On the same day, each separately asked me the same question at one point during the session:
“Am I doing the girl thing?”
And I knew exactly what they meant. But, being a coach, my job is to ask more than answer and so I asked what they meant. Here’s what they said, more or less:
“You know, that thing where I have an idea, then totally kill it, or think that what I’m offering isn’t good enough, even though it’s more than enough. Or when I have success in something after working hard, then put myself down. You know, the girl thing.”
I do know. The girl thing.
In fact, yesterday I was sharing this very story with a friend. She just received a big promotion at work, and closed a new deal faster than any one ever has in the history of the 30-year company.
Then, she explained away her success as luck, not really a big deal, a long time coming, etc. As soon as she did it she realized, “Oh my god! I just did the girl thing!”
Yup. So I asked her what she could say instead. She came up with:
“Thank you! It’s a great client — I’m excited to start working with them.”
But the unspoken “girl thing” that too many of us understand is no longer working for me. And, as the mother of a daughter, it’s really not working for me. I want the same opportunities and possibilities for all my children, no matter the gender. Not 79 cents on the dollar for my “less valuable” daughter. I don’t want to see the world teach limitations into her core, as it has for me and my clients.
I want my 2-year-old daughter, who is pretty badass already, to not recognize “doing the girl thing” as what my doctor, lawyer, and business friend and I recognize too easily. Putting yourself down. Making excuses for your success. Apologizing for your creative ideas. Hearing yourself “you can’t” before you say “I can”.
Let’s redefine what “doing the girl thing” means. What if doing the girl thing meant that girls:
Celebrate, like Brandi Chastain
Lead, like Golda Meir
Act, like Margaret Thatcher
Help others, like Ina May Gaskin
Are Brave, like Malala
Are Strong, like the Williams Sisters
Create Justice, like Ruth Bader Ginsberg
Do What’s Right, like Eleanor Roosevelt
Blaze A New Path, like Hillary Clinton
Are Entrepreneurial, like Martha Stewart
Guide Others, like Harriet Tubman
Stands up for Your Rights, like Susan B Anthony
Care for Animals, like Jane Goodall
Teach, like Julia Child
Manage Money, like Janet Yellen
Rock, like Joan Jett
While writing this post, I got a call from a client who set a lofty goal for herself 3 months ago. Today, the dream became reality.
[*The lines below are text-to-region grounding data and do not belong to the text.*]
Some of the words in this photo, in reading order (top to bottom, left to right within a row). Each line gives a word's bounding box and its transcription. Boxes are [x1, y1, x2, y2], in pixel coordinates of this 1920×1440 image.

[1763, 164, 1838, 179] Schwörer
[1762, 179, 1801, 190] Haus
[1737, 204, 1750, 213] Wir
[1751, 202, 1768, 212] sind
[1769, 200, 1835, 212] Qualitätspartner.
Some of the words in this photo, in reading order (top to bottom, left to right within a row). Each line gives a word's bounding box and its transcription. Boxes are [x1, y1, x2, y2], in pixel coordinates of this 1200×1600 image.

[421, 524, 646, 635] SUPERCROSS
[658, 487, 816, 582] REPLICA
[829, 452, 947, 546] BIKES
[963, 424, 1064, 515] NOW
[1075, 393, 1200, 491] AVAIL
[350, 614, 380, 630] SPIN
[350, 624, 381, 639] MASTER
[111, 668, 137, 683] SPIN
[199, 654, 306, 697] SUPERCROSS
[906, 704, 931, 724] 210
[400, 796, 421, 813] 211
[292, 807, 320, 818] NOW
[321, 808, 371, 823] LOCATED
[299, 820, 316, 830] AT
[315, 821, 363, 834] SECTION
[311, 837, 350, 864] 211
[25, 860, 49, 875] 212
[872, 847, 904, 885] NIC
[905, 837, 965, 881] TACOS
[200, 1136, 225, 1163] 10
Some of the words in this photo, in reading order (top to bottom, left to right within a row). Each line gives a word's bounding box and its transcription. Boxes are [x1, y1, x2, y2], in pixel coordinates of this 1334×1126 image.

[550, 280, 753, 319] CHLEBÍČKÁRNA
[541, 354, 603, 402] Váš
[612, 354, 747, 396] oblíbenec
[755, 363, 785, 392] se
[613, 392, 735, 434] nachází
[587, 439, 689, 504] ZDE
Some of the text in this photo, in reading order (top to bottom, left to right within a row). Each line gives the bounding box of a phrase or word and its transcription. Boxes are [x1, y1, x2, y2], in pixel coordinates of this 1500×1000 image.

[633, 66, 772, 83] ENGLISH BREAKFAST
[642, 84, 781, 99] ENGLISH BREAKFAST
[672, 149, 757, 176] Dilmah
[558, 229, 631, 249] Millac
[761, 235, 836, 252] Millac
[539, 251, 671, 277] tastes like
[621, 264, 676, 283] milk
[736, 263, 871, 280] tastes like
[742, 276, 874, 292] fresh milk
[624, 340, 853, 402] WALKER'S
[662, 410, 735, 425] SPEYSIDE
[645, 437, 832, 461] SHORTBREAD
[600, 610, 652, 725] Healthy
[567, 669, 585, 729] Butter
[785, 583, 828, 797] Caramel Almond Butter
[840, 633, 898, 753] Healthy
She called to tell me about the interview that lead to the offer, and started by saying: “I’m not going to lie, and I hope this doesn’t appear arrogant, but I did a GREAT job. I knew I had it and I did. I could tell during our conversation. I just nailed it.”
When I asked her what she did in the interview that was so special, she said, “You know what? I just said what I believed and I acted like myself. I was totally honest. And it worked!”
That’s the 2016 version of doing the girl thing. Just finding that thing you’re great at and doing it. Being honestly and authentically you.